## Exercise material
_____

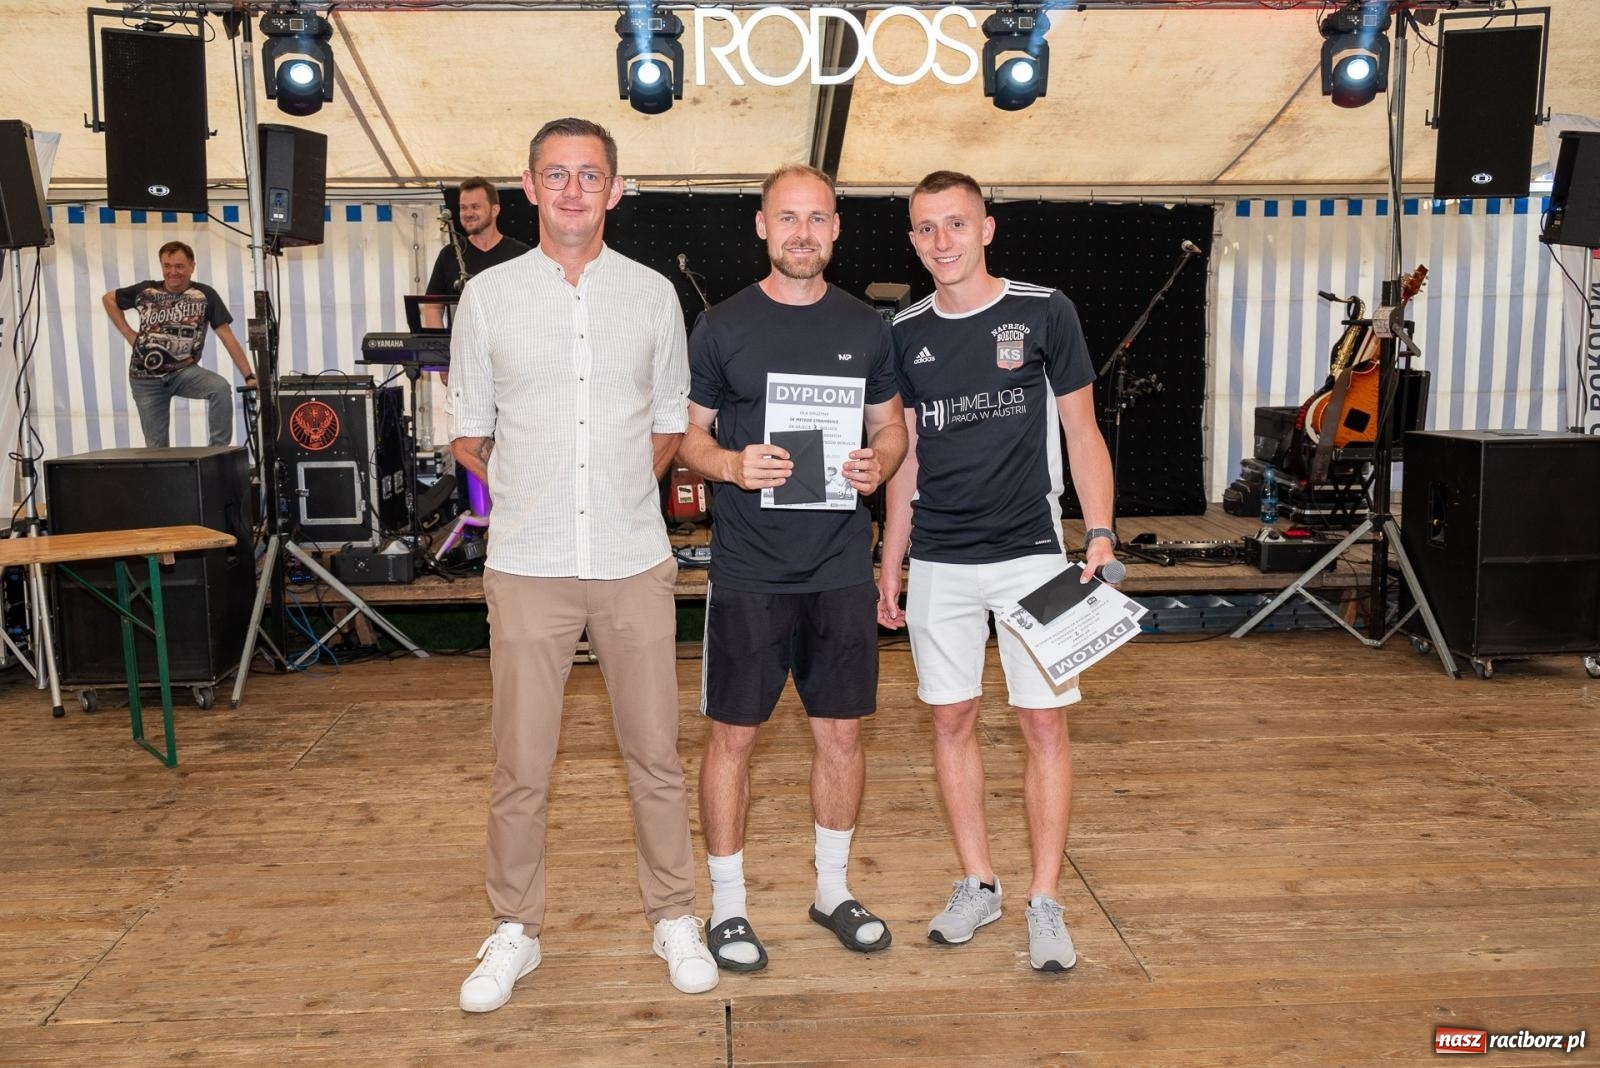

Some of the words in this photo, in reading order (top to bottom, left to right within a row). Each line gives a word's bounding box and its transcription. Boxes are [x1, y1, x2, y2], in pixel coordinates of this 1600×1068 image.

[694, 6, 979, 86] RODOS
[377, 340, 404, 348] YAMAHA
[913, 355, 936, 365] adidas
[1000, 348, 1021, 361] KS
[776, 385, 855, 405] DYPLOM
[951, 412, 978, 425] PRACA
[979, 411, 990, 419] W
[992, 405, 1027, 418] AUSTRII
[1055, 621, 1127, 675] DYPLOM
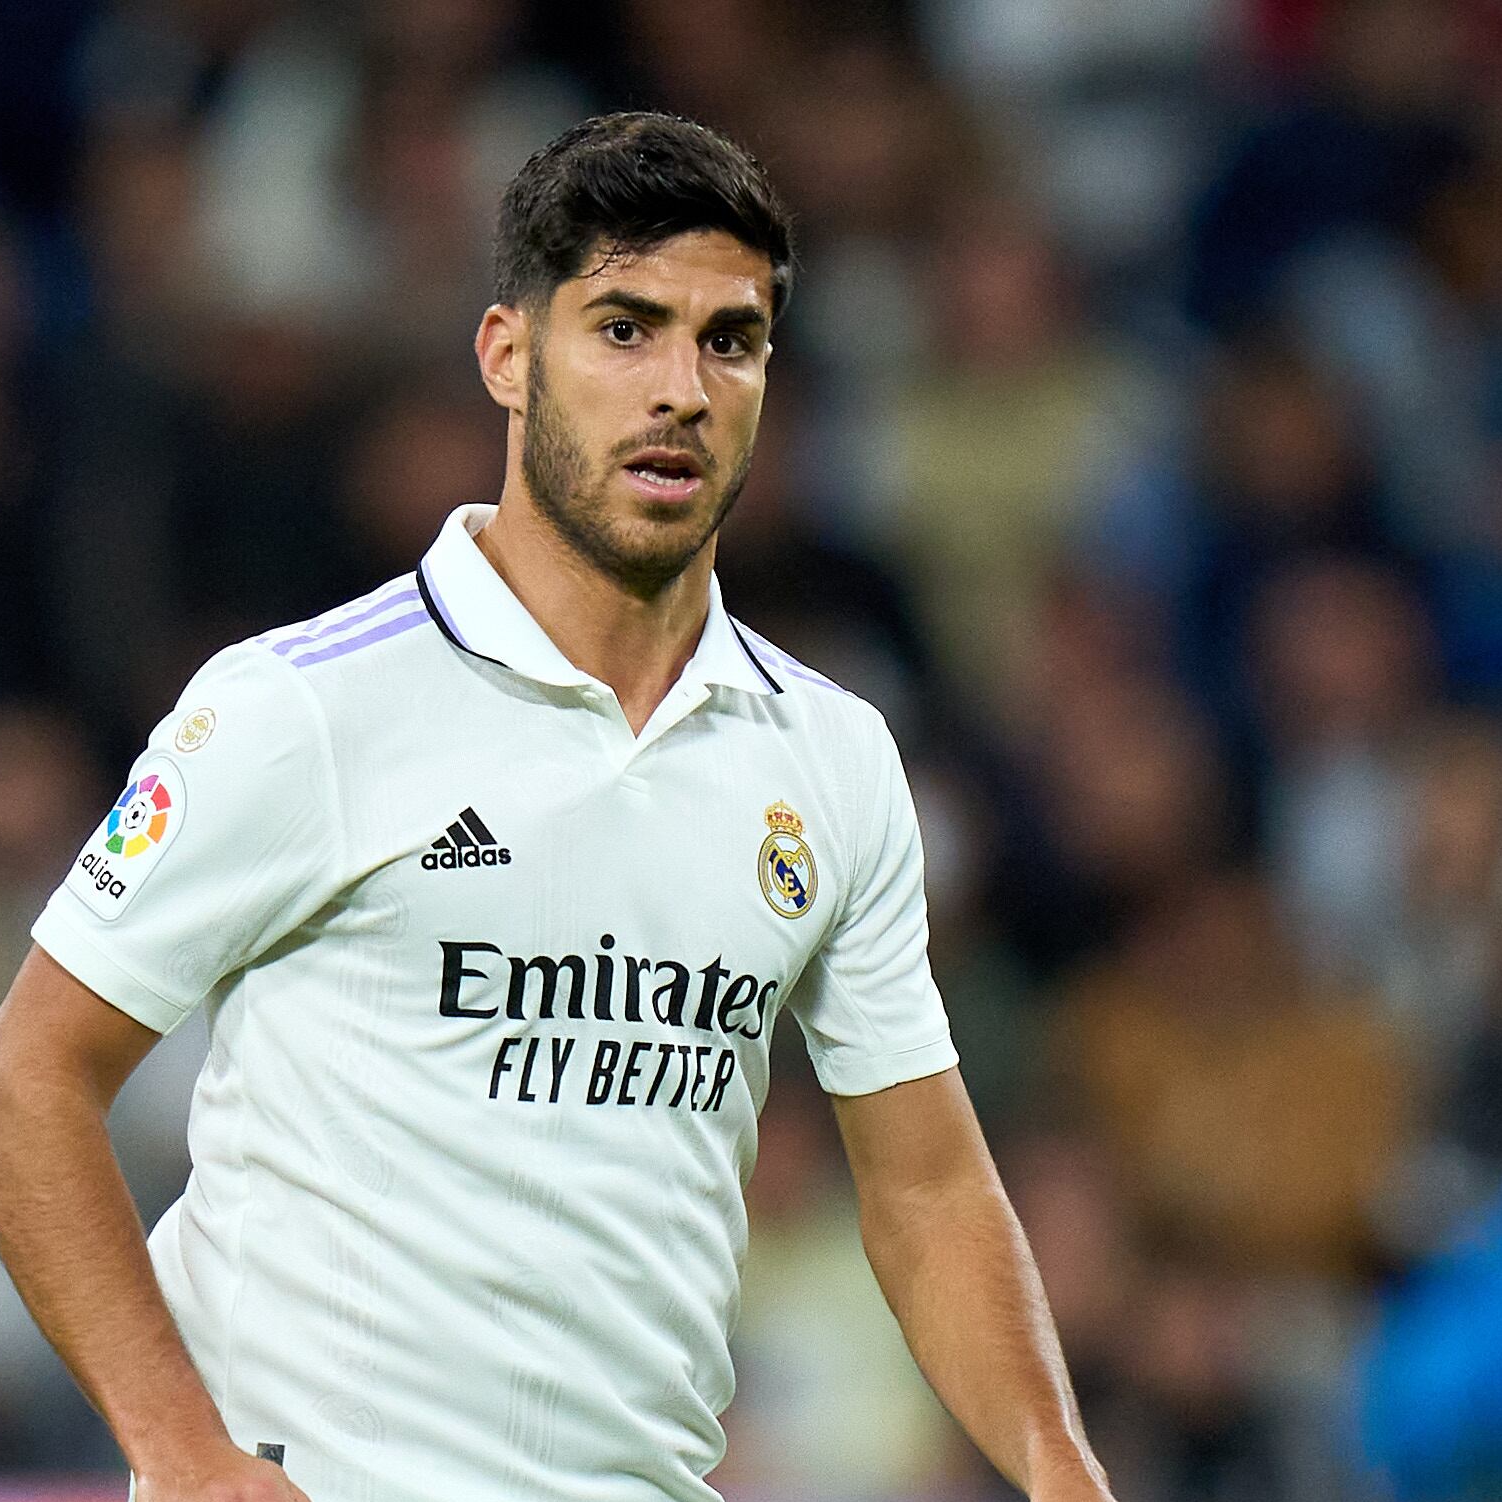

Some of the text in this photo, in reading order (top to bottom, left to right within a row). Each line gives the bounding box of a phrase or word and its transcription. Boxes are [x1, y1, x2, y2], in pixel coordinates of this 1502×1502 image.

[79, 853, 127, 899] aLiga
[421, 846, 512, 870] adidas
[438, 933, 779, 1040] Emirates
[489, 1037, 735, 1112] FLY BETTER

_____

## What you should do
Lines from the one that contains "Some of the text" through the final line of the entries must be duplicated exactly, and no other lines.

## Your solution
Some of the text in this photo, in reading order (top to bottom, left to right within a row). Each line gives the bounding box of a phrase or word and its transcription. Boxes are [x1, y1, x2, y2], in pixel coordinates of this 1502×1502 image.

[79, 853, 127, 899] aLiga
[421, 846, 512, 870] adidas
[438, 933, 779, 1040] Emirates
[489, 1037, 735, 1112] FLY BETTER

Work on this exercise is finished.